Proposal Would Auto-Enroll Student Loan Borrowers Into Affordable Plans
A bipartisan bill proposal would streamline the process for enrolling into and staying enrolled in income-driven repayment plans.
- The bill aims to help former students who fall behind on student loan payments.
- It would also ease the process of staying on income-driven repayment plans.
- The proposal has the support of student and borrower advocacy groups.
Student loan borrowers at risk of defaulting on their loans may soon have a simplified path toward more affordable payments.
U.S. Reps. Suzanne Bonamici of Oregon and Brian Fitzpatrick of Pennsylvania — a Democrat and a Republican — introduced the Streamlining Income-driven, Manageable Payments on Loans for Education (SIMPLE) Act on Wednesday. The bill would take several steps to simplify the process to enroll in and stay enrolled in income-driven repayment (IDR) plans.
IDR plans allow borrowers to make lower monthly payments based on their income, with the opportunity for complete forgiveness after 20-25 years.
"For too many, student loan debt is a crippling burden that impacts borrowers' involvement in our economy and achieving personal goals like owning a home, starting a family, and supporting the community," Fitzpatrick said in a joint statement with Bonamici. "I am proud to support the SIMPLE Act, which will provide our students and borrowers what they deserve: more efficient access to the repayment resources already at their disposal."

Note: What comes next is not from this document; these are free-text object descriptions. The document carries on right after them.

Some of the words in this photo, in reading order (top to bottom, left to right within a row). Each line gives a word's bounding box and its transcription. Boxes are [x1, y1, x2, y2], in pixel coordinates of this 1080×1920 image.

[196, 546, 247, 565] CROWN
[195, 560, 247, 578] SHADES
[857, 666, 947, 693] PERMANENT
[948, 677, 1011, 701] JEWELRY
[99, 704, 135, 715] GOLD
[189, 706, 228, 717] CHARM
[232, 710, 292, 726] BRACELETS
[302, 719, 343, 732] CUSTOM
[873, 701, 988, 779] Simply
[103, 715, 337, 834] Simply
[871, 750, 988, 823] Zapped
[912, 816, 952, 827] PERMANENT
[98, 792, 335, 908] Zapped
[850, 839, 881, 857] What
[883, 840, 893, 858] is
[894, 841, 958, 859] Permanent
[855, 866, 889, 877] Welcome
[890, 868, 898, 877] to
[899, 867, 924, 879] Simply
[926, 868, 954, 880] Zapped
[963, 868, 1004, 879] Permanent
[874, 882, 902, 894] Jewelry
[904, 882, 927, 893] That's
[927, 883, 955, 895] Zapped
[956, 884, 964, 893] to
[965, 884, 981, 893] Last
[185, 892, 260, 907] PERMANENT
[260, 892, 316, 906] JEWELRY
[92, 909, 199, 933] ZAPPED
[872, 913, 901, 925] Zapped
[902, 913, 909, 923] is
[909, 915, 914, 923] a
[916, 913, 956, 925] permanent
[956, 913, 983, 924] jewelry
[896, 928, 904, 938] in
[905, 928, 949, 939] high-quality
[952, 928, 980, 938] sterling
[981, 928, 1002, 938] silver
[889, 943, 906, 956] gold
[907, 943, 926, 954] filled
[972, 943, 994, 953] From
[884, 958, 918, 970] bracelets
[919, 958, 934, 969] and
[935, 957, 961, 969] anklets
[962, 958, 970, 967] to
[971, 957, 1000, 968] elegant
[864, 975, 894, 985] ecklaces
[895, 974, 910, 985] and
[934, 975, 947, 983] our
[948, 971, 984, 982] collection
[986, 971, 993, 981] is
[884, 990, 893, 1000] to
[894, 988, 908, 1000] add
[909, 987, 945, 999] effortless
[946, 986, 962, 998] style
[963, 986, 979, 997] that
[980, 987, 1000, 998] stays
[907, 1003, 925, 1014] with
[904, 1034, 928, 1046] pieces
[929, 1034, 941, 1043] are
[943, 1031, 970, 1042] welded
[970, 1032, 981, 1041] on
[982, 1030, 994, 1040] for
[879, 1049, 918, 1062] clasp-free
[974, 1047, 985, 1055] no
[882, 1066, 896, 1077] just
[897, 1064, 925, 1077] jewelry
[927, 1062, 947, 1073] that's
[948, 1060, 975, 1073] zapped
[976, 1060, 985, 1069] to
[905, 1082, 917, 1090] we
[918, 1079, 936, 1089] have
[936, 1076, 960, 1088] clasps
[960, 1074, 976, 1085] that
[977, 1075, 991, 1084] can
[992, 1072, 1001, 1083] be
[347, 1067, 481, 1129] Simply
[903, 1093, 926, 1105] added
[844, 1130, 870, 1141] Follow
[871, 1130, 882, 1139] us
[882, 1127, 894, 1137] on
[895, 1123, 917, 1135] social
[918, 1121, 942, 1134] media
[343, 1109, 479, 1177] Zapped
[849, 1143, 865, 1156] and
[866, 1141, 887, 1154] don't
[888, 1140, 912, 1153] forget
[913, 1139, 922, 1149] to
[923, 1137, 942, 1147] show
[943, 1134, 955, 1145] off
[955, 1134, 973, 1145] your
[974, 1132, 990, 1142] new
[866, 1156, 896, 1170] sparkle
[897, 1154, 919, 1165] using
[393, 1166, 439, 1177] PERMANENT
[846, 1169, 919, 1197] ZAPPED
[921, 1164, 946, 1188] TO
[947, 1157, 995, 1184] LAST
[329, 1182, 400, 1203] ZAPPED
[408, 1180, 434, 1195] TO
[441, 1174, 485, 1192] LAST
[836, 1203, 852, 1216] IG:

This is the fourth time lawmakers have proposed a version of the SIMPLE Act. The first proposal in 2016 attracted 12 co-sponsors, including eight Democrats and four Republicans.
The latest version of the bill has the support of student and borrower advocacy groups including the Institute for College Access & Success, Third Way, the National Association of Student Financial Aid Administrators, and New America.
Auto-Enrollment for Those Most at Risk
Before the COVID-19 pause on student loan payments, approximately 10% of borrowers with federal student loans defaulted on those loans within three years of beginning repayment.
The pandemic pause slowed the bleeding, but the SIMPLE Act aims to give these borrowers an easier out before they enter default.
According to an overview of the bill, the act would require the Department of Education (ED) to send borrowers in immediate danger of defaulting a notice about lower monthly payments available through IDR. The bill would allow the U.S. Treasury Department to share data with ED so that the department can tell these at-risk borrowers what their new monthly payments would be.
The 2019 version of the bill said ED may request income data from the Treasury Department after a borrower is at least 60 days delinquent on their loan. ED would automatically enroll a borrower 120 days past due into the plan with the lowest monthly payment, according to the 2019 bill.
This part of the proposal is similar to language ED put forth for a new IDR plan during negotiated rulemaking in December. However, negotiators failed to reach consensus on the new plan, and ED recently delayed the release of its final proposal, although it still aims to allow borrowers to enroll in this plan in the summer of 2023.
The SIMPLE Act also includes enrollment options for those who have already defaulted on their loan but were able to rehabilitate it. According to the bill overview, ED would use income information to automatically enroll these borrowers when they reach good standing with their loan.
Discarding the Tedious Recertification Process
Many borrower advocates have claimed that the recertification process is a major barrier to borrowers taking advantage of IDR benefits. Borrowers must resubmit income and employment information to the department each year or risk being kicked from the program.
The SIMPLE Act aims to remove this hurdle.
Instead, ED would continue communicating with the Treasury Department to keep track of a borrower's yearly income. ED would then use tax information to determine the borrower's monthly payments under their IDR plan.